Status: "NFS is having issues" – 5 minutes ago
             (status message history »)


Wikimedia Cloud Services Infrastructure:

  • Network: OK
  • NFS: Failure
  • ToolsDB: OK

Toolforge:

  • Web server: Failure (indirect failure due to NFS issues)

Event Timeline

Krinkle raised the priority of this task from to Needs Triage.
Krinkle updated the task description. (Show Details)
Krinkle added projects: Cloud-VPS, Cloud-Services.
Krinkle subscribed.
chasemp set Security to None.

This is critical for proper communication with end users.

Examples of open source status dashboards:

GTirloni renamed this task from Labs needs a reliable and communicative status dashboard to Adopt service status dashboard.Feb 21 2019, 12:01 PM
GTirloni moved this task from Inbox to Blocked on the cloud-services-team (Kanban) board.
aborrero subscribed.

Sorry to enter this empty comment, but I couldn't agree more with this phab task.

Said status page should probably not exist as a normal CloudVPS project/Toolforge tool to avoid service outages making the status page inaccessible. Any ideas where? Separate production host/vm/service? Somewhere external like wikitech-static? Just have it hosted on WMCS systems and treat "status page not available" as "something is definitely horribly wrong"?

Another question is that the data needs to come from somewhere, preferably automatically. How would that be done?
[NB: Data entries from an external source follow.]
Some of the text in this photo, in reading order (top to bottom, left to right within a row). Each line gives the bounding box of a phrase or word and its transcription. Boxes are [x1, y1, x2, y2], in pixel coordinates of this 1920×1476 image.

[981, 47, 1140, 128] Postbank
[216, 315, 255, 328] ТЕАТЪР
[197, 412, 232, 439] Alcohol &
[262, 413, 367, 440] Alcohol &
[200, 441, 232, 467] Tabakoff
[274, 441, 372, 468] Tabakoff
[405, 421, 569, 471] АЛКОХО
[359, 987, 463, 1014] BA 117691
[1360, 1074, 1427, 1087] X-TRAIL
I'd guess Prometheus alerts (T266050) would be the way to go. Detailed information, status updates and planned maintenance would still probably have to be added manually.
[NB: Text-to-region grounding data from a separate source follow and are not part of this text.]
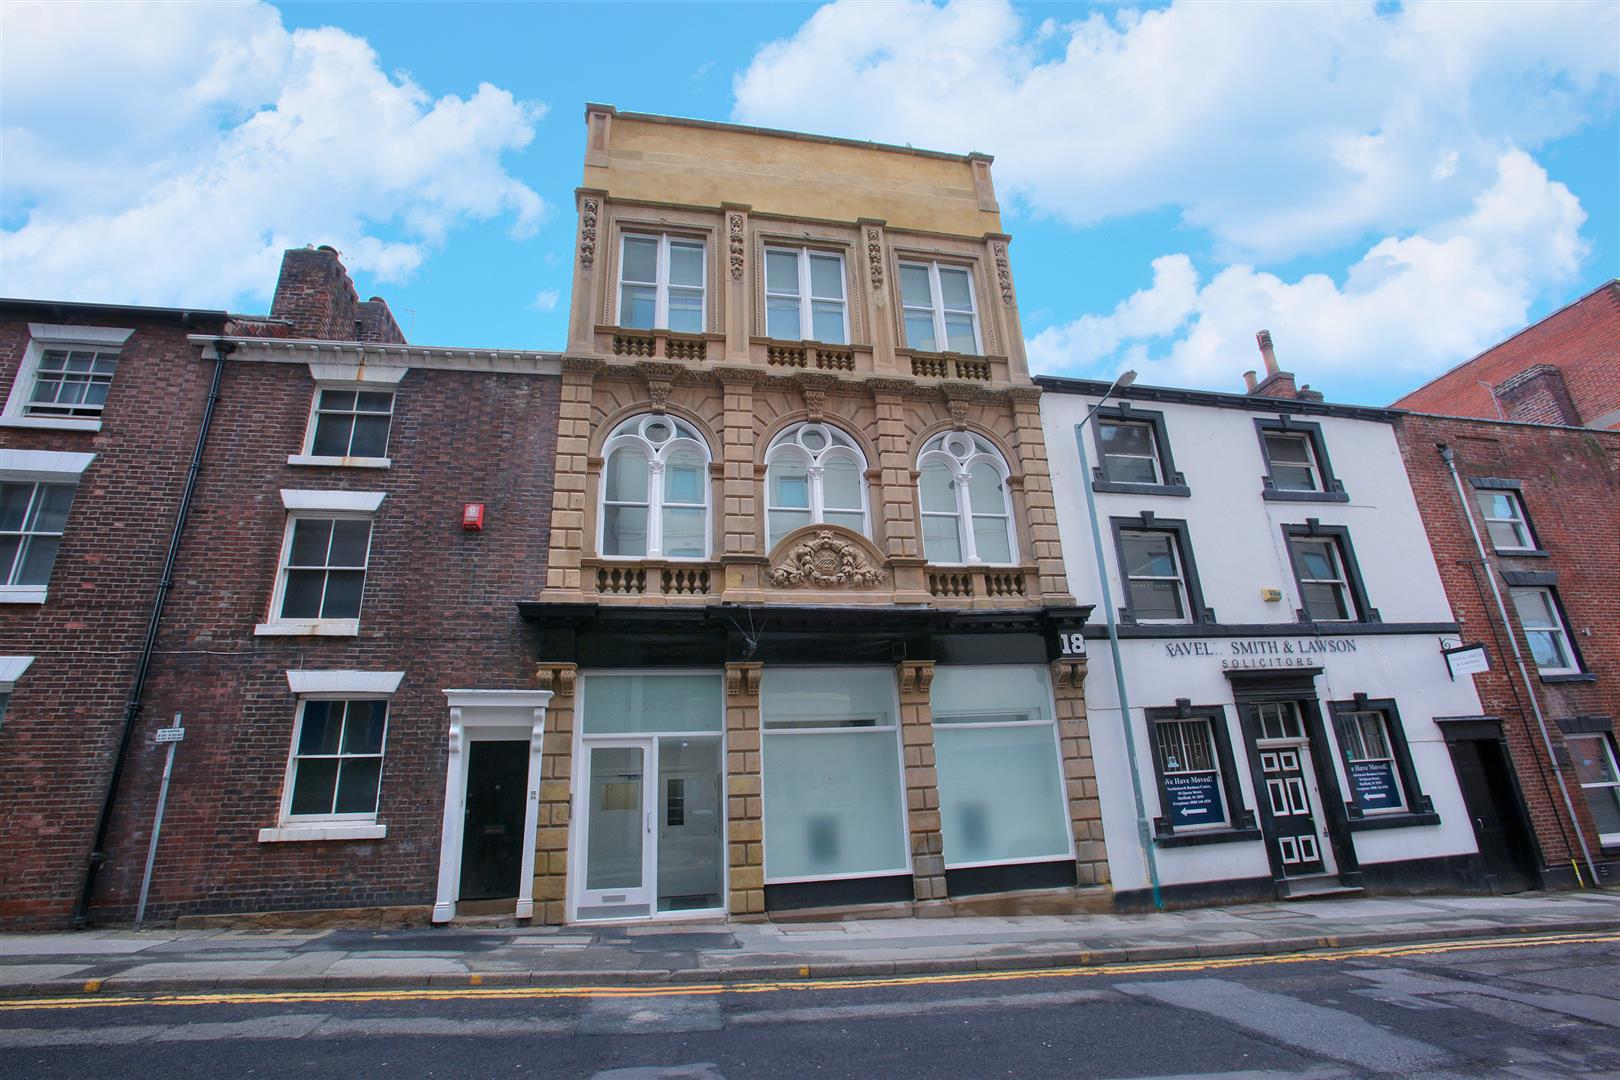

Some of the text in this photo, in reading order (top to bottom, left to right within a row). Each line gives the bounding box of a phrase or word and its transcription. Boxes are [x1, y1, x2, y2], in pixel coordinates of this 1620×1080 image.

[1060, 633, 1086, 654] 18
[1231, 641, 1279, 654] SMITH
[1283, 640, 1294, 654] &
[1298, 639, 1357, 653] LAWSON
[1222, 657, 1313, 669] SOLICITORS
[1174, 777, 1190, 785] Have
See also potentially related tasks:

In T95922#6811861, @Majavah wrote:

Said status page should probably not exist as a normal CloudVPS project/Toolforge tool to avoid service outages making the status page inaccessible. Any ideas where? Separate production host/vm/service? Somewhere external like wikitech-static? Just have it hosted on WMCS systems and treat "status page not available" as "something is definitely horribly wrong"?

I think starting with something basic on Toolforge would be a good idea (don't let perfect be the enemy of the good, etc.). It could check connecting to the dbs, test outbound network to the wikis, etc.
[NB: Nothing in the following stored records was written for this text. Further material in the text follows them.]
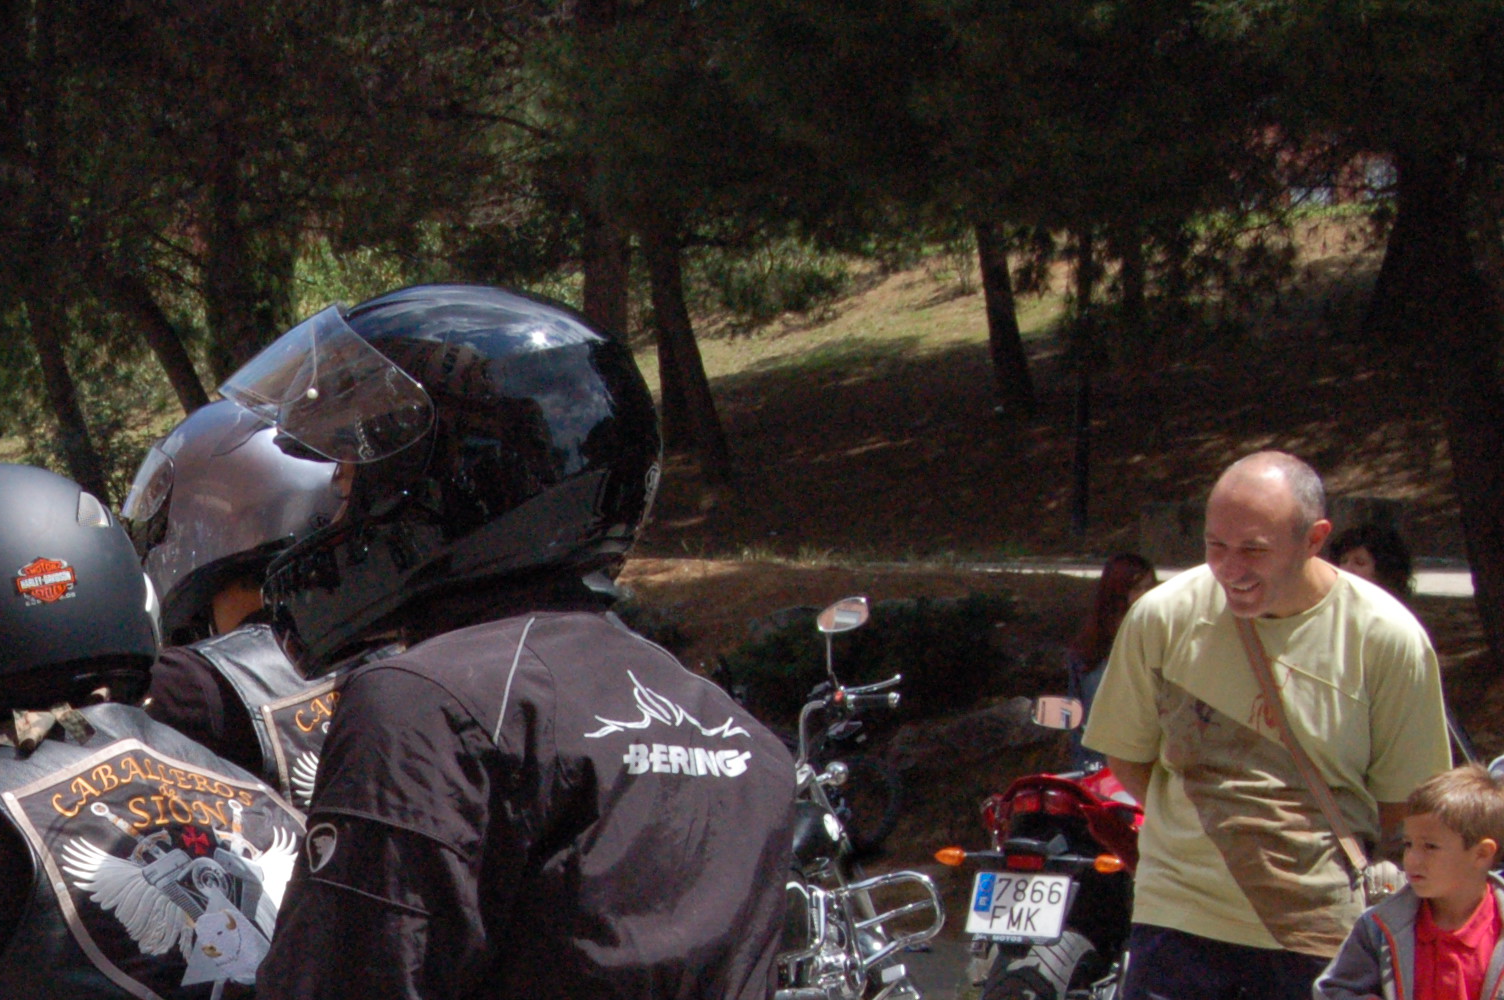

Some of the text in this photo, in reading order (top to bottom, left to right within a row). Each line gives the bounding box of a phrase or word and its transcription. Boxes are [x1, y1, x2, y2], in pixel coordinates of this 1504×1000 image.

[623, 743, 752, 778] BERING
[52, 757, 253, 817] CABALLEROS
[128, 795, 229, 828] SION
[995, 878, 1063, 904] 7866
[989, 905, 1041, 932] FMK
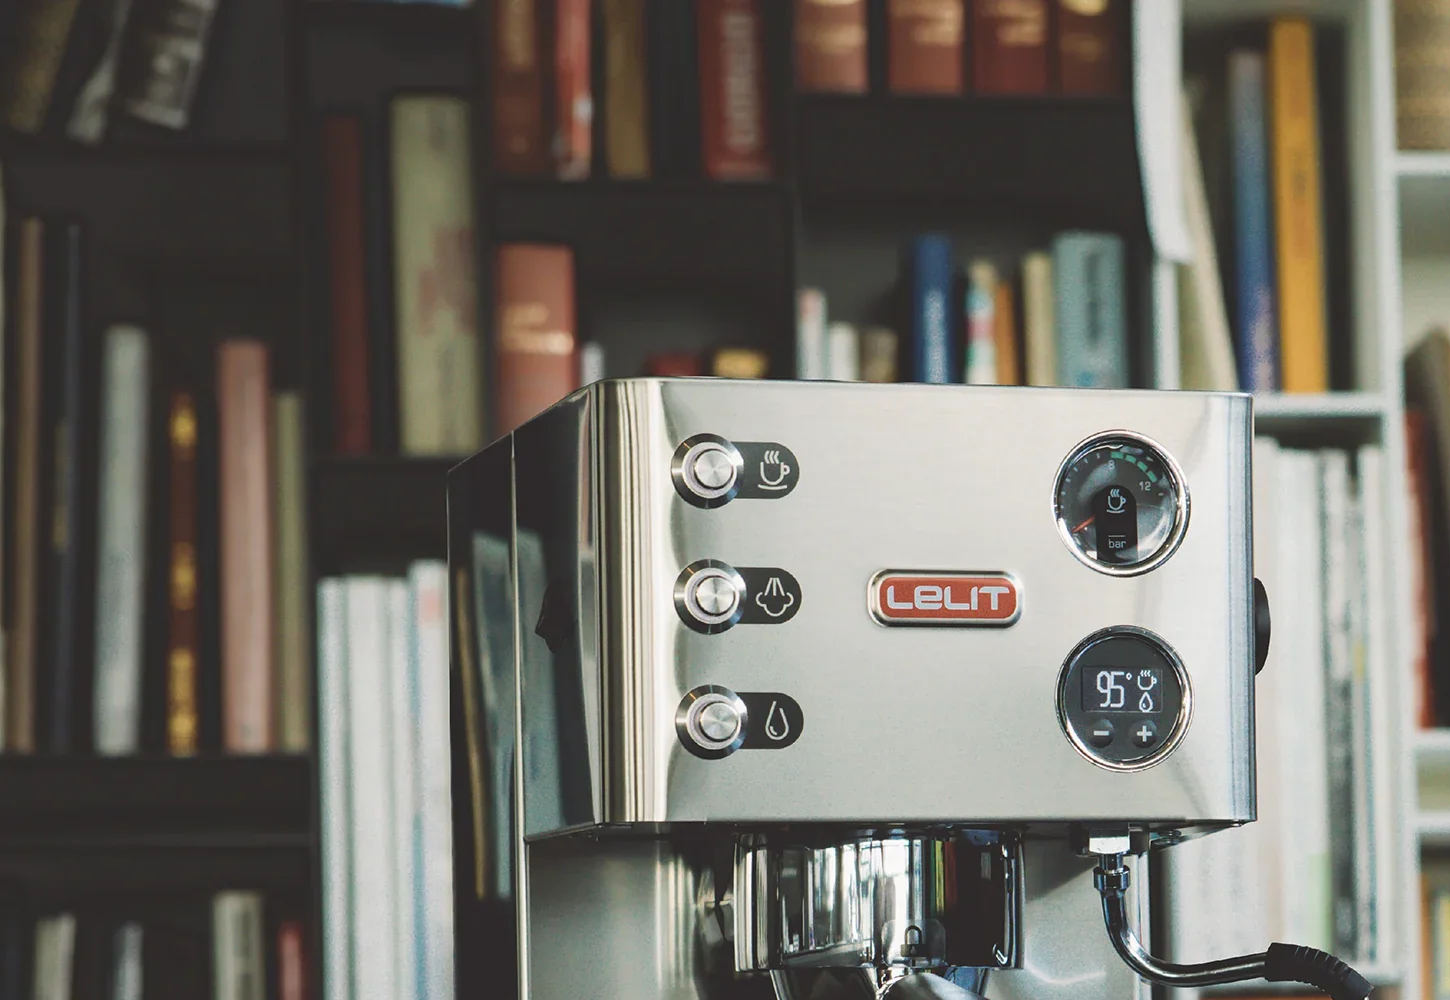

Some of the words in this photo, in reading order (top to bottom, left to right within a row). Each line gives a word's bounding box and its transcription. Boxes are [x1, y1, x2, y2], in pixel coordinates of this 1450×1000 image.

[1108, 460, 1115, 470] 8
[1139, 481, 1151, 491] 12
[1108, 539, 1127, 549] bar
Another question is that the data needs to come from somewhere, preferably automatically. How would that be done? I'd guess Prometheus alerts (T266050) would be the way to go. Detailed information, status updates and planned maintenance would still probably have to be added manually.

In theory everything in Prometheus should be accessible by Grafana (I think...), in which case maybe making a Grafana dashboard might be the way to go?

I created a Toolforge tool named cloud-status (since status was taken) and tried installing a few different still-maintained OSS status pages and didn't manage to get any of them properly working. I think I'll just write a very basic one myself instead of dealing with the hassle of trying to get one working.

In T95922#6812561, @Majavah wrote:

I think I'll just write a very basic one myself instead of dealing with the hassle of trying to get one working.

What are you going to monitor? How are you going to monitor it? What will make this monitoring canonical?

The hard part of this is not the software that shows status, it is defining what the services are and how to measure their "up" status.

What are you going to monitor? How are you going to monitor it? What will make this monitoring canonical?

I think there's a lot of low hanging fruit, such as:

  • connect to mysql replicas
  • connect to tools-db
  • connect to tools-redis
  • NFS, maybe stat a known file with a timeout?
  • networking to wikis, maybe an API request?
  • grid engine, maybe display the status of the existing monitoring check? (not sure where that is)

Plus a link to the cloud-announce archives, I think that would cover what would take down a majority of tools and bots (but leave an isolated k8s tool up), though obviously not 100% or even 90% complete.

This is sounding a lot like a frontend to toolschecker that people can actually read, as far as low-hanging fruit. It does most of that, but it is only read by icinga, which external users cannot see.

This topic came up again during the recent WMCS offsite in Berlin. An additional idea that was discussed is having some form of IRC integration, i.e. the ability to update the status dashboard writing something in IRC. Currently we are manually updating the IRC channel topic to signal any ongoing maintenance or incident, but many users are not checking IRC. If we could replicate that message to a web status page, it might be easier for users to find it.

As an example, see this recent comment from a user who struggled to find the information about a maintenance operation.